● What you should do:
Transcribe all of the data exactly. Images stay out.
**** The records ****
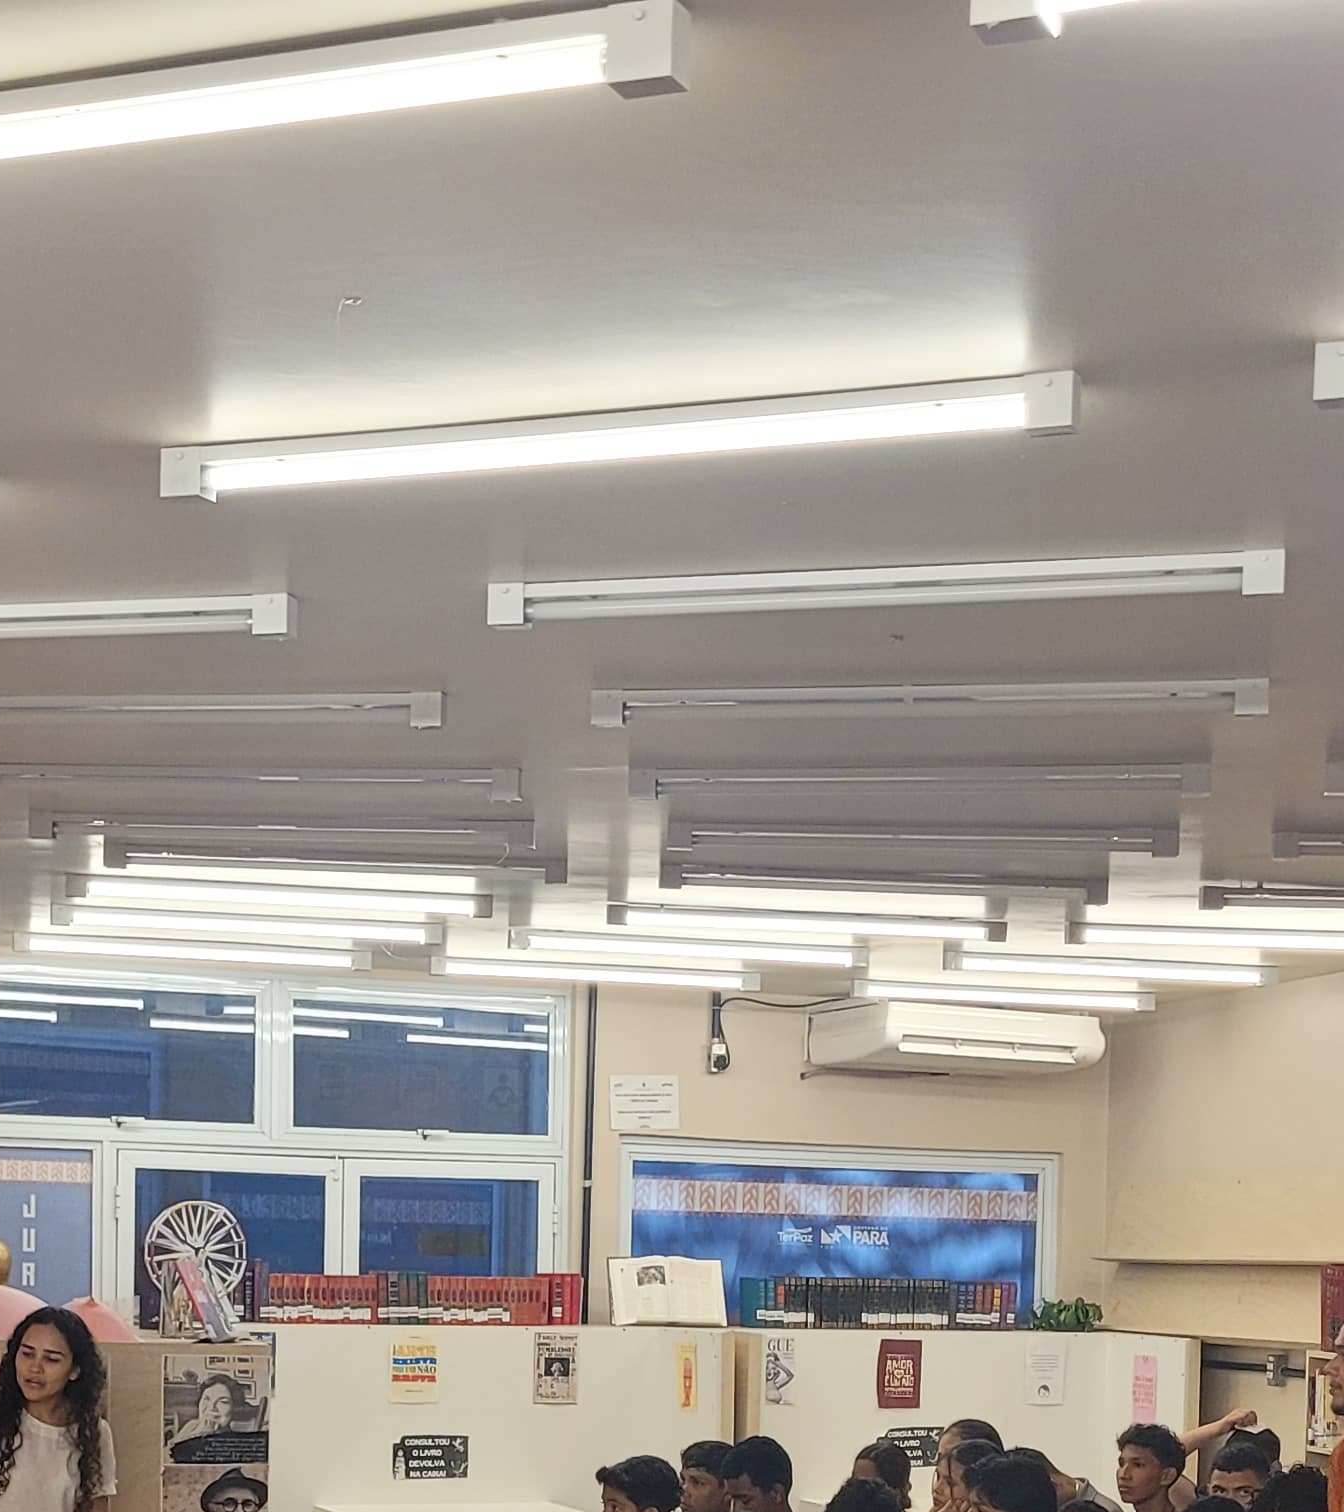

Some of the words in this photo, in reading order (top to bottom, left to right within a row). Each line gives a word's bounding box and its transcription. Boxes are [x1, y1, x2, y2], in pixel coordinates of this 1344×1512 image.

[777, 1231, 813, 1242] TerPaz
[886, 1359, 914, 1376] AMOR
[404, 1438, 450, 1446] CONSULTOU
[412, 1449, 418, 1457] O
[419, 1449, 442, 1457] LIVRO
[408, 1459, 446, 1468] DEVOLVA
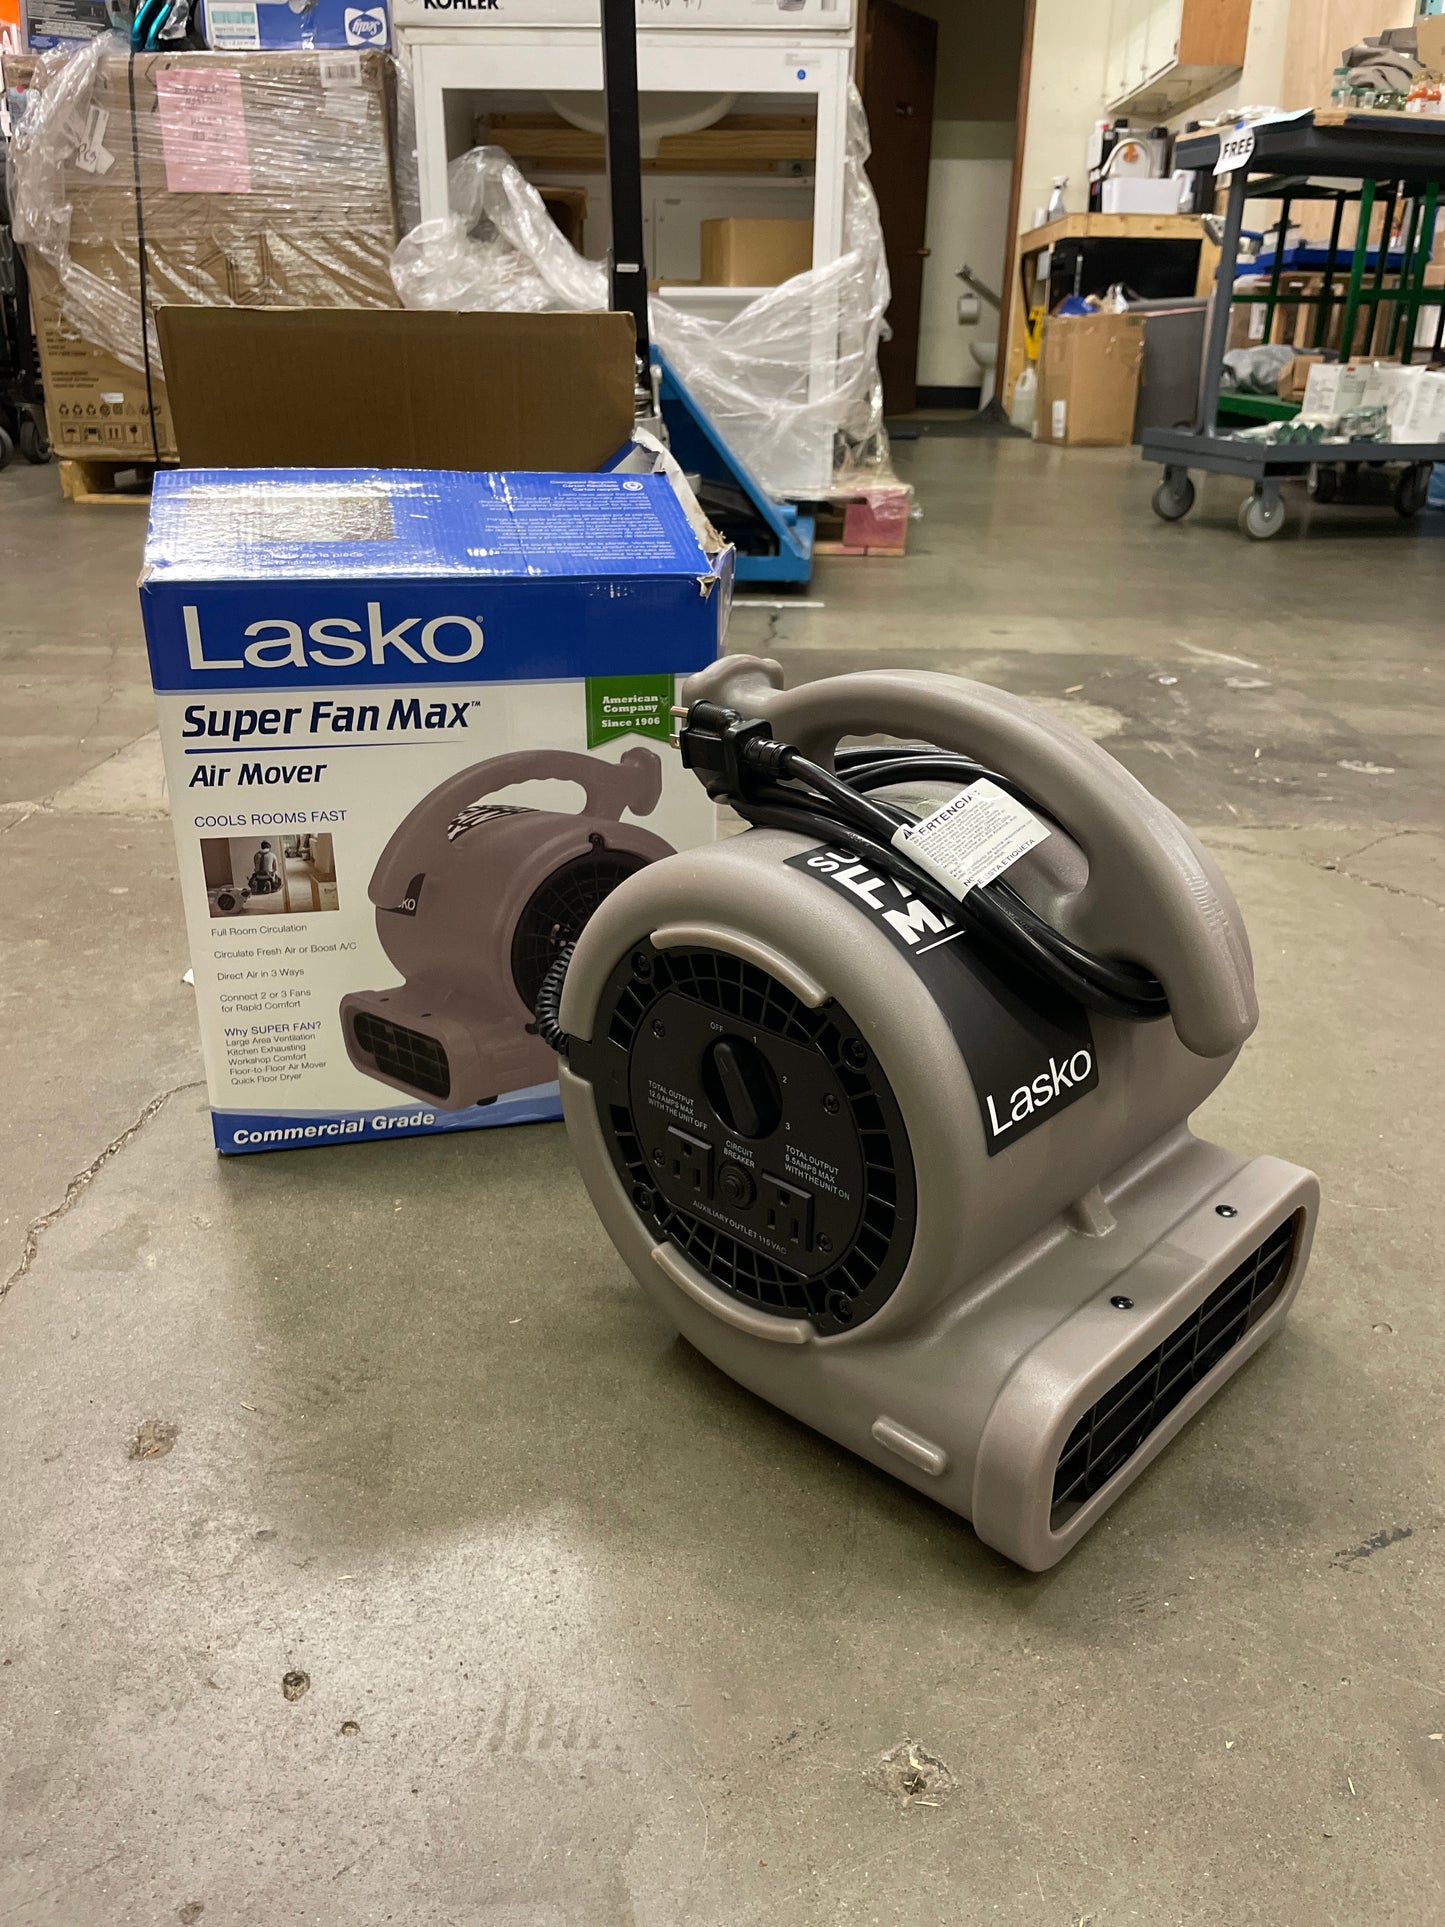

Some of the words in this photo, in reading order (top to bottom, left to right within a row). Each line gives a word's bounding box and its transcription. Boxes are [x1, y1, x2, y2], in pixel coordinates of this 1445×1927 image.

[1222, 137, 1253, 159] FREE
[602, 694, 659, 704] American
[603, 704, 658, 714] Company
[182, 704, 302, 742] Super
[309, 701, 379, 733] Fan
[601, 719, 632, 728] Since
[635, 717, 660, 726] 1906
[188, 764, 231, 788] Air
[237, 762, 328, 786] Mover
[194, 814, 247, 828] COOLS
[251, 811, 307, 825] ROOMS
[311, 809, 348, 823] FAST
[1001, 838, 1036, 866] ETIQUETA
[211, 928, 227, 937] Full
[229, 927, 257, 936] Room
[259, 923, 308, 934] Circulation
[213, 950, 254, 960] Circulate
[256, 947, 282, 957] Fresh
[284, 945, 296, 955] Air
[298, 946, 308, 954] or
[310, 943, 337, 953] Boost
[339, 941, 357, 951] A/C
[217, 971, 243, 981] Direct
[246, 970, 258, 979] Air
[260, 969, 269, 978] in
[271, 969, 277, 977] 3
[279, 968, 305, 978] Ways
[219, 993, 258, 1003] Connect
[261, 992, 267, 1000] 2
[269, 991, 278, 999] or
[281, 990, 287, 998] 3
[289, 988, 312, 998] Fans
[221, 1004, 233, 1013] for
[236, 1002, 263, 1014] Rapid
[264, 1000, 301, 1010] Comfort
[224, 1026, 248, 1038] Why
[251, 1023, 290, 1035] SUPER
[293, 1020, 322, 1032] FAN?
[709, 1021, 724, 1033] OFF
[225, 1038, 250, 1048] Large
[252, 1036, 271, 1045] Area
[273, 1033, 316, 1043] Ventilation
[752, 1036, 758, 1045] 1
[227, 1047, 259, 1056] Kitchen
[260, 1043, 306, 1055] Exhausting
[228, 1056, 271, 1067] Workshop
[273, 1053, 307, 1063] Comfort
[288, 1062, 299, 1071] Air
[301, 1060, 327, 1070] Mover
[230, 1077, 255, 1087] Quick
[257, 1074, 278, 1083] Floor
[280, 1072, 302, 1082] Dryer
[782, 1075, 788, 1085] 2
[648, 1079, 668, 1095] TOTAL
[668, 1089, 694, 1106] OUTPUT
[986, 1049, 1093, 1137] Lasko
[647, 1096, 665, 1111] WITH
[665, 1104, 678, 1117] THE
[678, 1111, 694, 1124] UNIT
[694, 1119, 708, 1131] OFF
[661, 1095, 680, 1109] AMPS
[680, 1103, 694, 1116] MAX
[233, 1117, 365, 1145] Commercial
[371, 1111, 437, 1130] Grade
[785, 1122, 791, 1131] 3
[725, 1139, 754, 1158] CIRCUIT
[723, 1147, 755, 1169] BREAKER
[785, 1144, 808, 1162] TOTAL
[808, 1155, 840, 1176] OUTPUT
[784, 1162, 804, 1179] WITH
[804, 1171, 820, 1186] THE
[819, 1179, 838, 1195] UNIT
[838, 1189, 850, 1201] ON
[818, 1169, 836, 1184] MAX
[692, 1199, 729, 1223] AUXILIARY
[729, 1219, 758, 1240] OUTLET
****
● Expected answer:
Some of the words in this photo, in reading order (top to bottom, left to right within a row). Each line gives a word's bounding box and its transcription. Boxes are [x1, y1, x2, y2], in pixel coordinates of this 1344×1512 image.

[777, 1231, 813, 1242] TerPaz
[886, 1359, 914, 1376] AMOR
[404, 1438, 450, 1446] CONSULTOU
[412, 1449, 418, 1457] O
[419, 1449, 442, 1457] LIVRO
[408, 1459, 446, 1468] DEVOLVA

Some of the words in this photo, in reading order (top to bottom, left to right within a row). Each line gives a word's bounding box and its transcription. Boxes are [x1, y1, x2, y2], in pixel coordinates of this 1445×1927 image.

[1222, 137, 1253, 159] FREE
[602, 694, 659, 704] American
[603, 704, 658, 714] Company
[182, 704, 302, 742] Super
[309, 701, 379, 733] Fan
[601, 719, 632, 728] Since
[635, 717, 660, 726] 1906
[188, 764, 231, 788] Air
[237, 762, 328, 786] Mover
[194, 814, 247, 828] COOLS
[251, 811, 307, 825] ROOMS
[311, 809, 348, 823] FAST
[1001, 838, 1036, 866] ETIQUETA
[211, 928, 227, 937] Full
[229, 927, 257, 936] Room
[259, 923, 308, 934] Circulation
[213, 950, 254, 960] Circulate
[256, 947, 282, 957] Fresh
[284, 945, 296, 955] Air
[298, 946, 308, 954] or
[310, 943, 337, 953] Boost
[339, 941, 357, 951] A/C
[217, 971, 243, 981] Direct
[246, 970, 258, 979] Air
[260, 969, 269, 978] in
[271, 969, 277, 977] 3
[279, 968, 305, 978] Ways
[219, 993, 258, 1003] Connect
[261, 992, 267, 1000] 2
[269, 991, 278, 999] or
[281, 990, 287, 998] 3
[289, 988, 312, 998] Fans
[221, 1004, 233, 1013] for
[236, 1002, 263, 1014] Rapid
[264, 1000, 301, 1010] Comfort
[224, 1026, 248, 1038] Why
[251, 1023, 290, 1035] SUPER
[293, 1020, 322, 1032] FAN?
[709, 1021, 724, 1033] OFF
[225, 1038, 250, 1048] Large
[252, 1036, 271, 1045] Area
[273, 1033, 316, 1043] Ventilation
[752, 1036, 758, 1045] 1
[227, 1047, 259, 1056] Kitchen
[260, 1043, 306, 1055] Exhausting
[228, 1056, 271, 1067] Workshop
[273, 1053, 307, 1063] Comfort
[288, 1062, 299, 1071] Air
[301, 1060, 327, 1070] Mover
[230, 1077, 255, 1087] Quick
[257, 1074, 278, 1083] Floor
[280, 1072, 302, 1082] Dryer
[782, 1075, 788, 1085] 2
[648, 1079, 668, 1095] TOTAL
[668, 1089, 694, 1106] OUTPUT
[986, 1049, 1093, 1137] Lasko
[647, 1096, 665, 1111] WITH
[665, 1104, 678, 1117] THE
[678, 1111, 694, 1124] UNIT
[694, 1119, 708, 1131] OFF
[661, 1095, 680, 1109] AMPS
[680, 1103, 694, 1116] MAX
[233, 1117, 365, 1145] Commercial
[371, 1111, 437, 1130] Grade
[785, 1122, 791, 1131] 3
[725, 1139, 754, 1158] CIRCUIT
[723, 1147, 755, 1169] BREAKER
[785, 1144, 808, 1162] TOTAL
[808, 1155, 840, 1176] OUTPUT
[784, 1162, 804, 1179] WITH
[804, 1171, 820, 1186] THE
[819, 1179, 838, 1195] UNIT
[838, 1189, 850, 1201] ON
[818, 1169, 836, 1184] MAX
[692, 1199, 729, 1223] AUXILIARY
[729, 1219, 758, 1240] OUTLET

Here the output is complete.